While dealing with data in Excel you may need to eradicate errors or modify your data regularly. Removing errors or regular modification, on both occasions, you need to find data and replace that. This “find and replace” process can be done by allowing wildcards.
Today we are going to show you how to find and replace using wildcards. First things first, let’s get to know about the dataset which is the base of our examples.
Here, we have a table that contains information about several movies. Using this dataset, we will use wildcards for finding and replacing data.
Note that this is a simple dataset to keep things straightforward. In a practical scenario, you may encounter a much larger and complex dataset.
You are welcome to download the practice workbook from the link below.
Find And Replace Using Wildcards
The Find And Replace Feature
Excel provides a Find & Replace feature to search and replace any data. To utilize the feature you need to explore the Find & Select option within the Editing section from the Home tab.
From there you will find the Find option. You will find a Find and Replace dialog box by clicking the Find option (shortcut key – CTRL + F).
In the Find What field write the data (value) you are looking for. Then click Find Next or Find All.
Here we have searched 2006 and clicked Find All. Now, you can see the cell, has the searched value, is selected.
Now, let’s say we want to change this value. Then we need to switch to the Replace window of this dialog box (you can directly open that by pressing CTRL + H).

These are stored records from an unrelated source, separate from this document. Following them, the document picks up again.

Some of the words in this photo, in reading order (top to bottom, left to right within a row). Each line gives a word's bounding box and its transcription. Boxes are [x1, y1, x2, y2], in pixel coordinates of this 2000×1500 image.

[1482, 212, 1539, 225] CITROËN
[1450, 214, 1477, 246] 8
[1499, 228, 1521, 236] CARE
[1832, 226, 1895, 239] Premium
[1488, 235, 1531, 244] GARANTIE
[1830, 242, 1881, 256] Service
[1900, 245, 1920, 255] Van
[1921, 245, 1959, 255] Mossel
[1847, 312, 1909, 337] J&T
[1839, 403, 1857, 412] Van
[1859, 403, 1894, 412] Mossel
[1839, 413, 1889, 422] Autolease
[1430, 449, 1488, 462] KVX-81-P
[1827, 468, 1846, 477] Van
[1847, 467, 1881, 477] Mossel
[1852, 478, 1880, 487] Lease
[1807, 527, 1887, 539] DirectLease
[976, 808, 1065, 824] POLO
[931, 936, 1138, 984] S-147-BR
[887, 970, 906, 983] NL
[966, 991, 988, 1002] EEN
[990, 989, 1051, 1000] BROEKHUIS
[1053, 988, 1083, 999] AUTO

Here, we are going to replace 2006 with 006. So, let’s write 006 down to the Replace with field. And click Replace.
You can see it replaced the originally stored 2006 to 006. This is how the Find and Replace works.
Find and Replace With Wildcards
In the earlier section, we have tried to make you familiar with the Find and Replace feature (if you were not earlier). There we found and replaced the value where the value is not a substring within a long value. Exact match, you can say.

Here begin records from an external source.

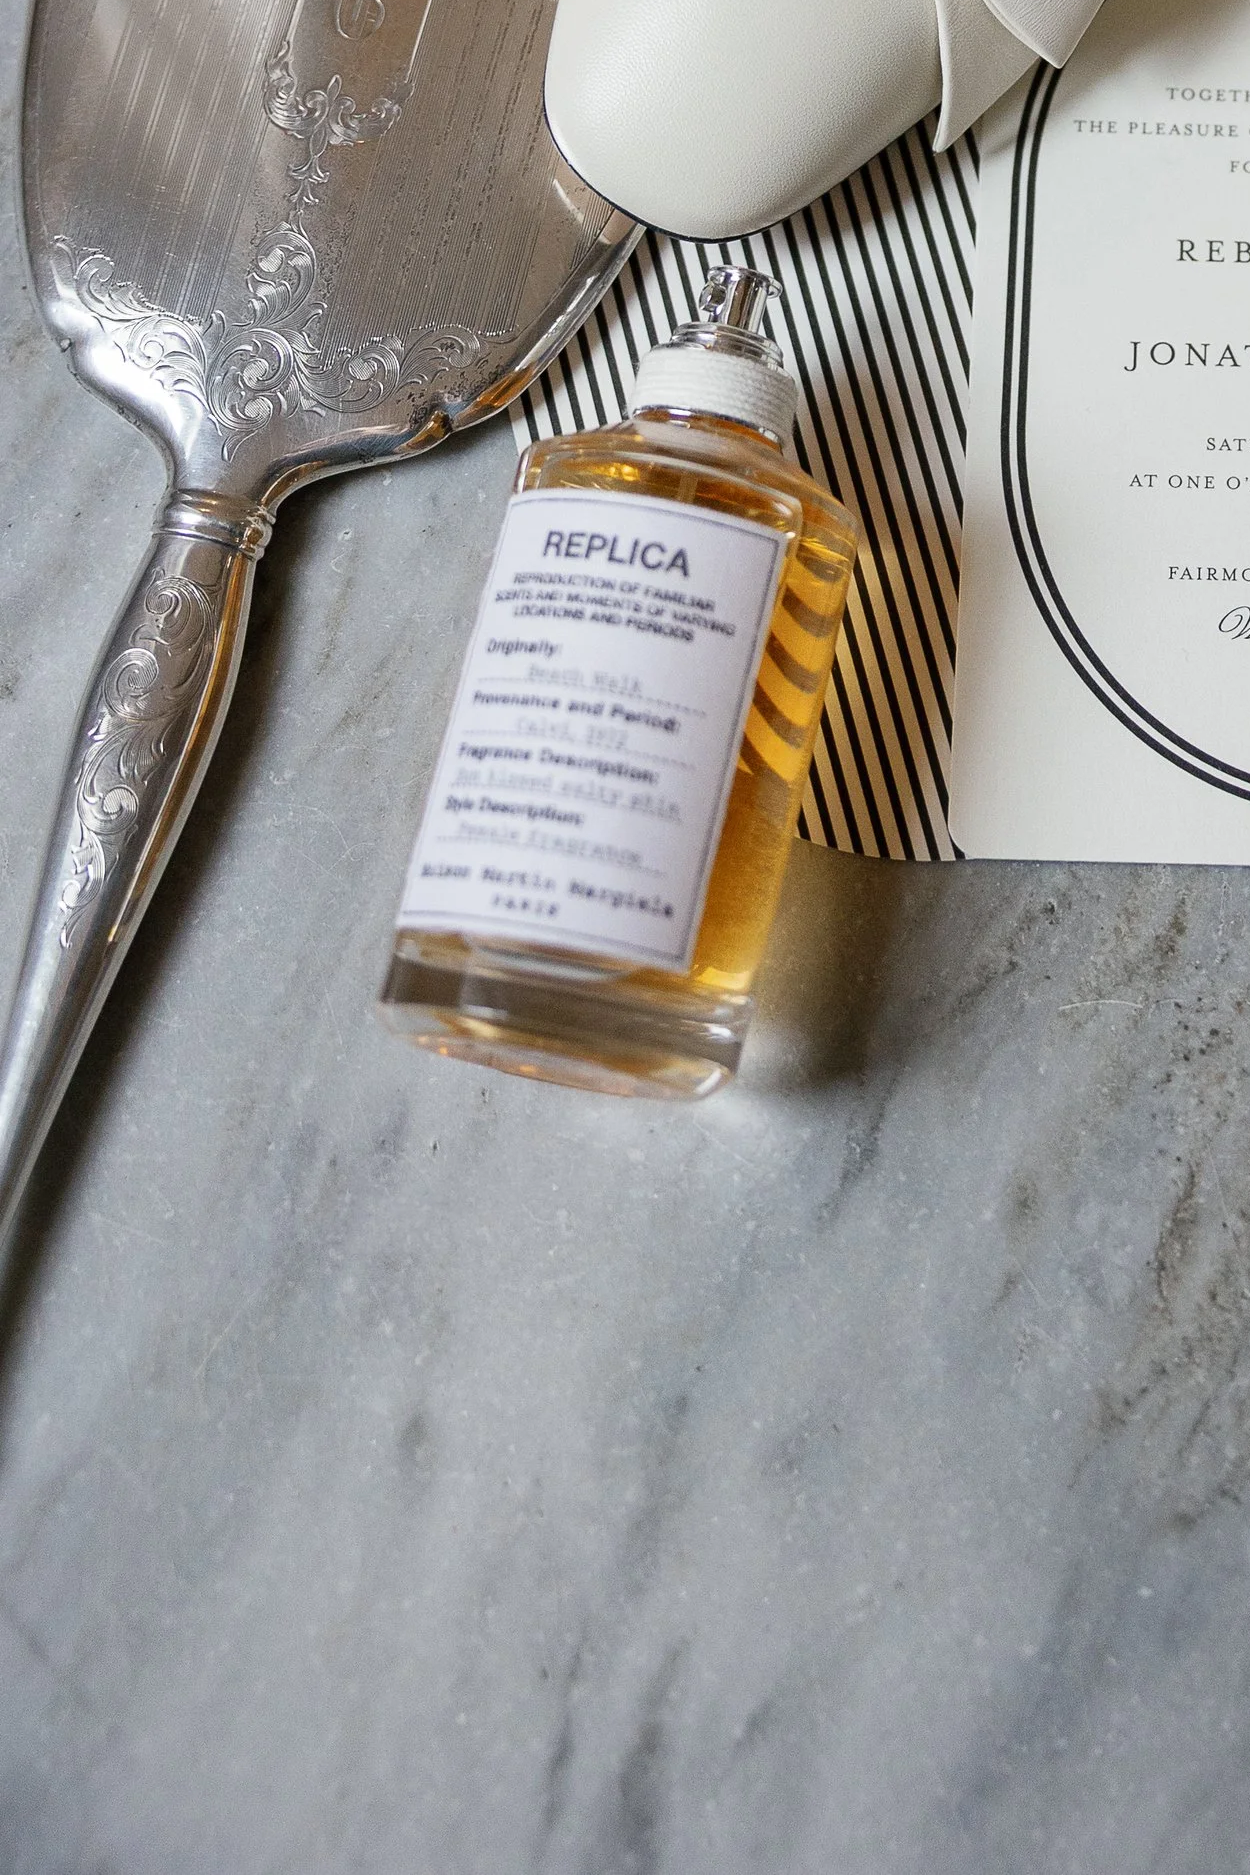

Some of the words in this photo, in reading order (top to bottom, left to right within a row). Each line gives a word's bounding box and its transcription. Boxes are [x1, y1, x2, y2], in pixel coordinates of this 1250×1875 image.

[1073, 119, 1118, 134] THE
[1128, 121, 1239, 138] PLEASURE
[1128, 473, 1158, 488] AT
[1168, 474, 1215, 490] ONE
[542, 529, 691, 578] REPLICA
[619, 579, 641, 595] OF
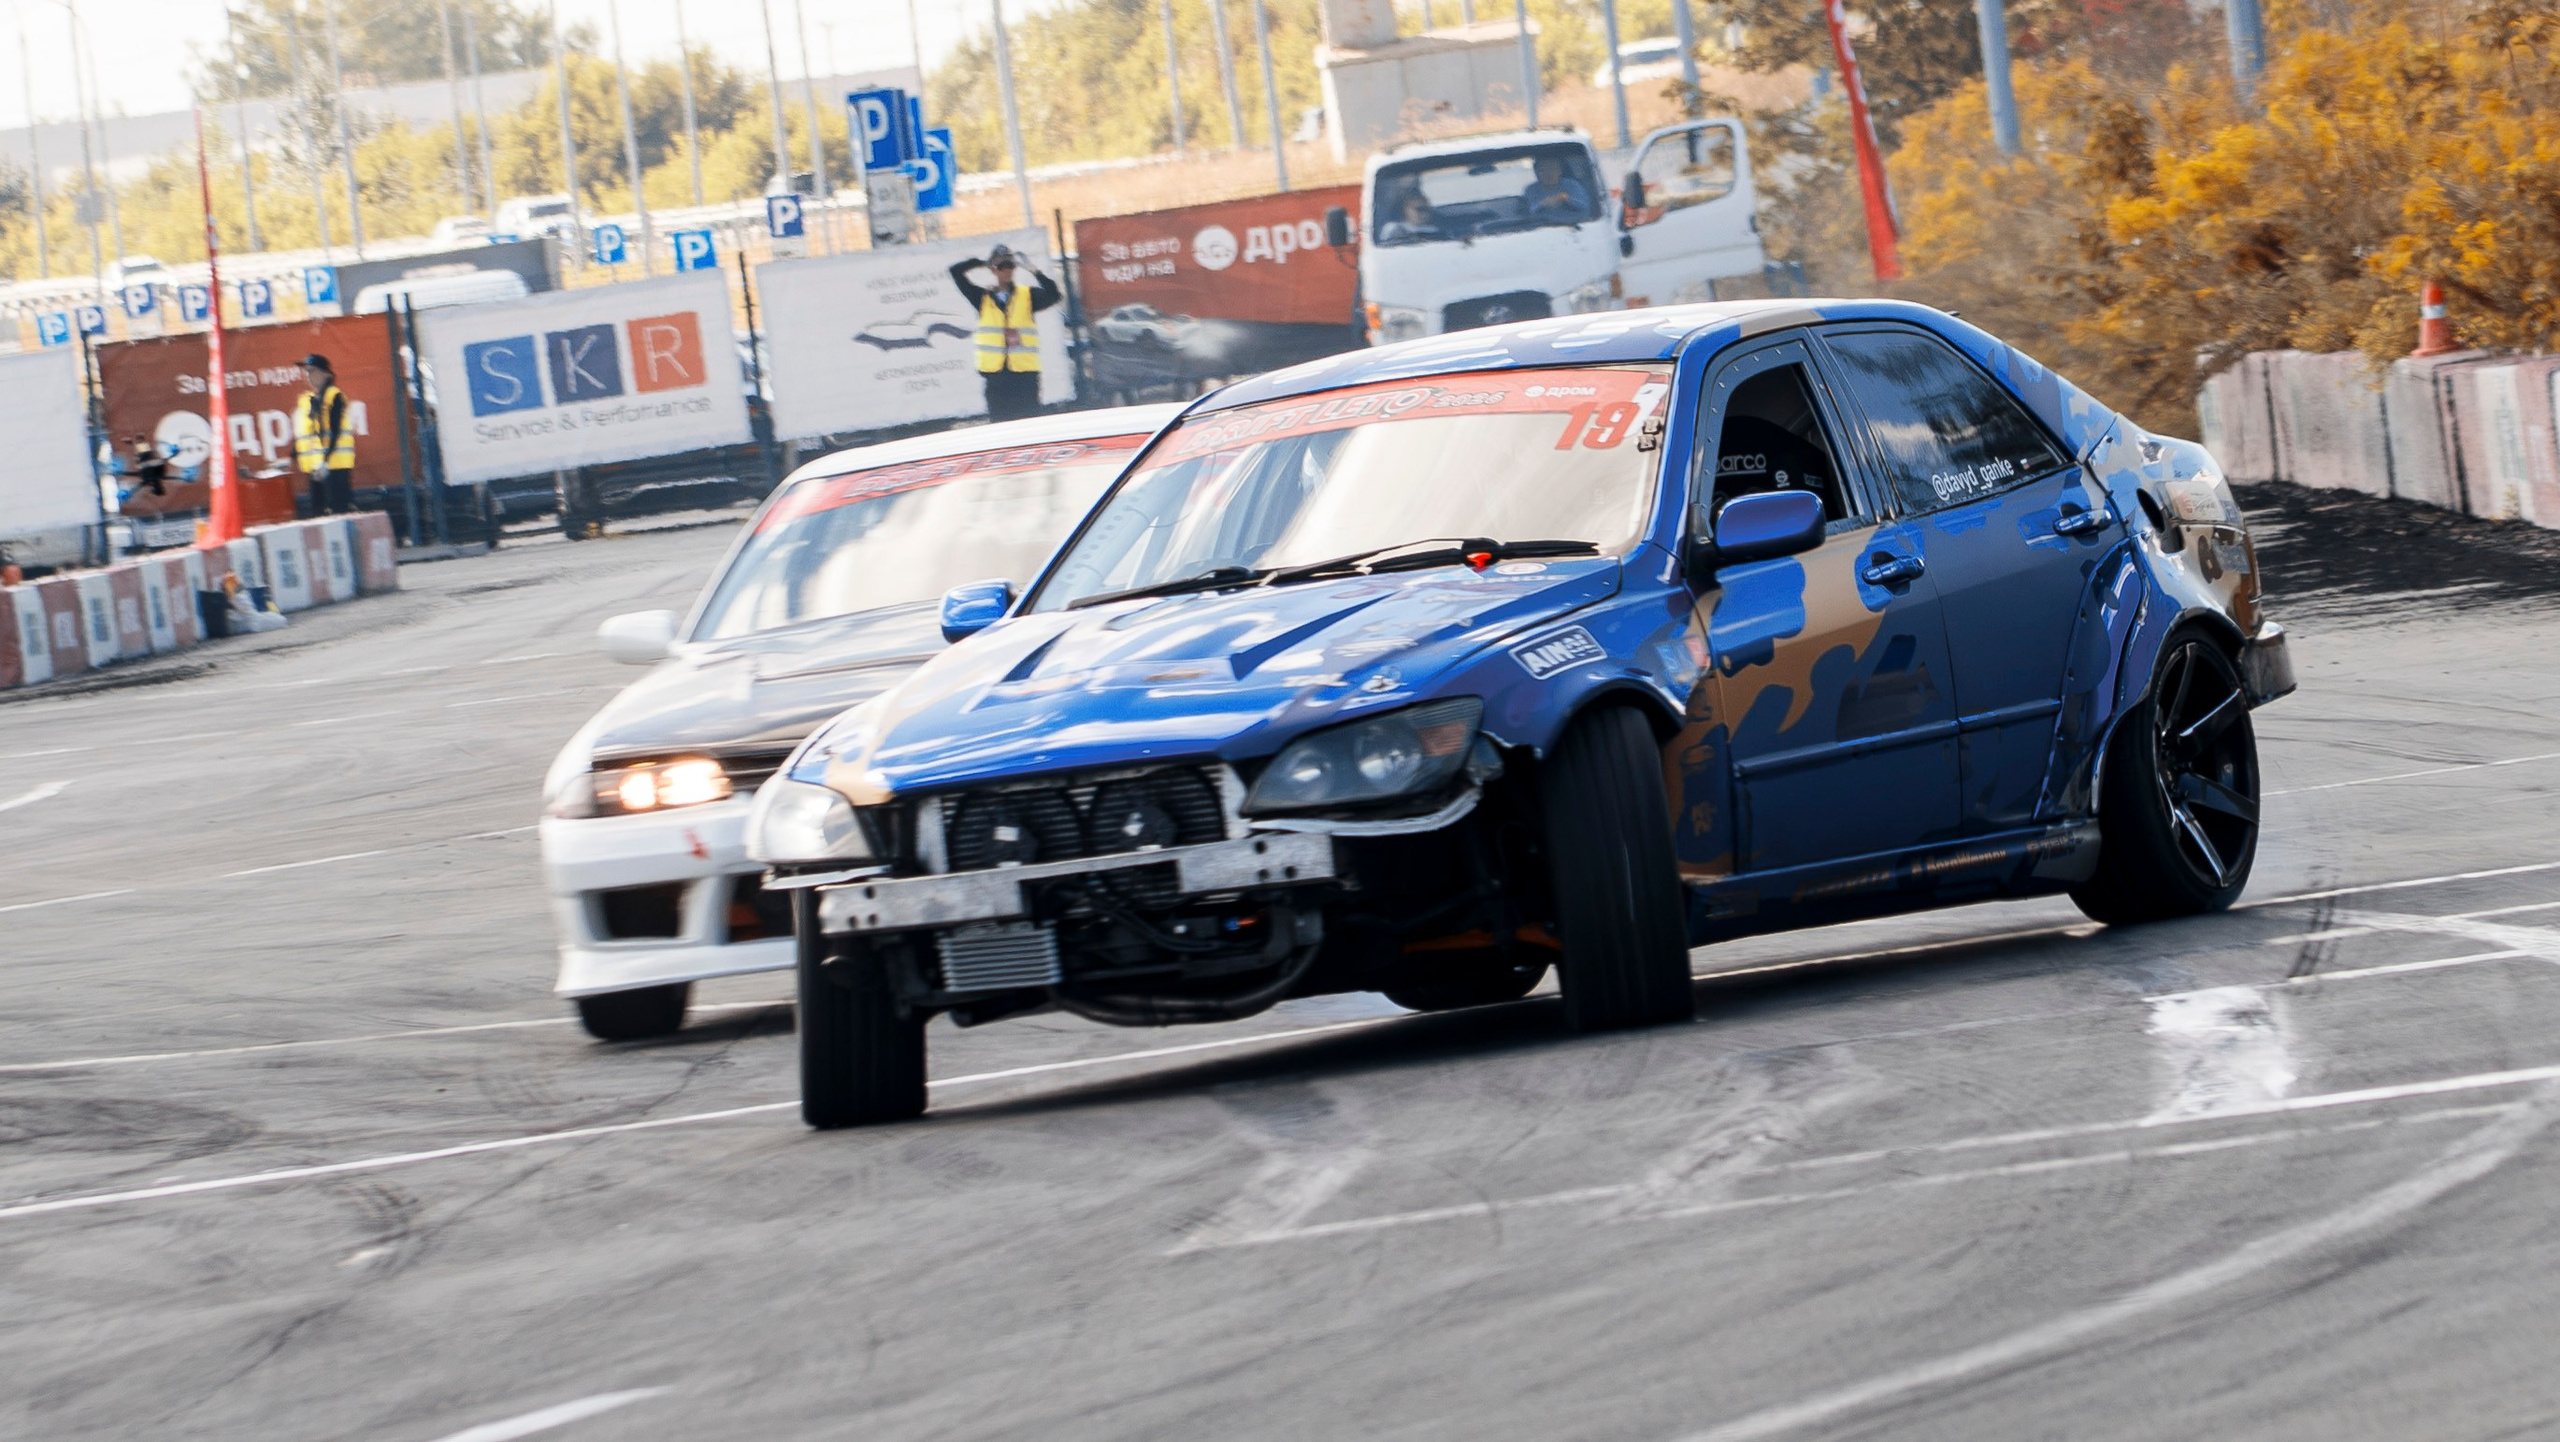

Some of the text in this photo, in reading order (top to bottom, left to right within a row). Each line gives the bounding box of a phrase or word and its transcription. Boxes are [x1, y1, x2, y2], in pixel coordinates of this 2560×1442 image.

[859, 98, 889, 164] P
[774, 199, 799, 235] P
[600, 228, 622, 261] P
[678, 233, 710, 269] P
[1101, 236, 1181, 262] За авто
[126, 284, 150, 316] P
[243, 282, 268, 316] P
[307, 268, 331, 302] P
[80, 307, 102, 331] P
[185, 287, 208, 320] P
[224, 369, 258, 389] вто
[481, 325, 690, 405] SKR
[1308, 387, 1437, 424] LETO
[1545, 385, 1597, 398] дром
[474, 416, 554, 444] Service
[558, 413, 577, 431] &
[1554, 401, 1640, 450] 19
[1717, 453, 1767, 472] arco
[1932, 456, 2015, 501] @davyd_ganke

You can search for a substring and replace that using wildcards with Find and Replace. Hearing wildcards, probably partial matches appear in your mind.
1. Asterisk as Wildcards
For wildcards, we can use the asterisk sign (
*). It denotes that any character (including no character) can take place any number of times. Let’s explore with example.
Here we have searched *res* and found that Excel points out to the cell that contains The Prestige.
You may wonder how res can be matched with The Prestige! We have used an asterisk sign (
*) at either side of res. That denotes that any number of characters can surround res.
The word Prestige has res within it that’s why it founded it. And so did for the Reservoir Dogs.
As we found the value using a wildcard, now if we want to replace the word, switch to Replace window.
Let’s say, we aim to change The Prestige to Prestige only.
Write Prestige in the Replace with field. You can see there are two options Replace All and Replace. If we use Replace All, then it will replace both the cells that contain res.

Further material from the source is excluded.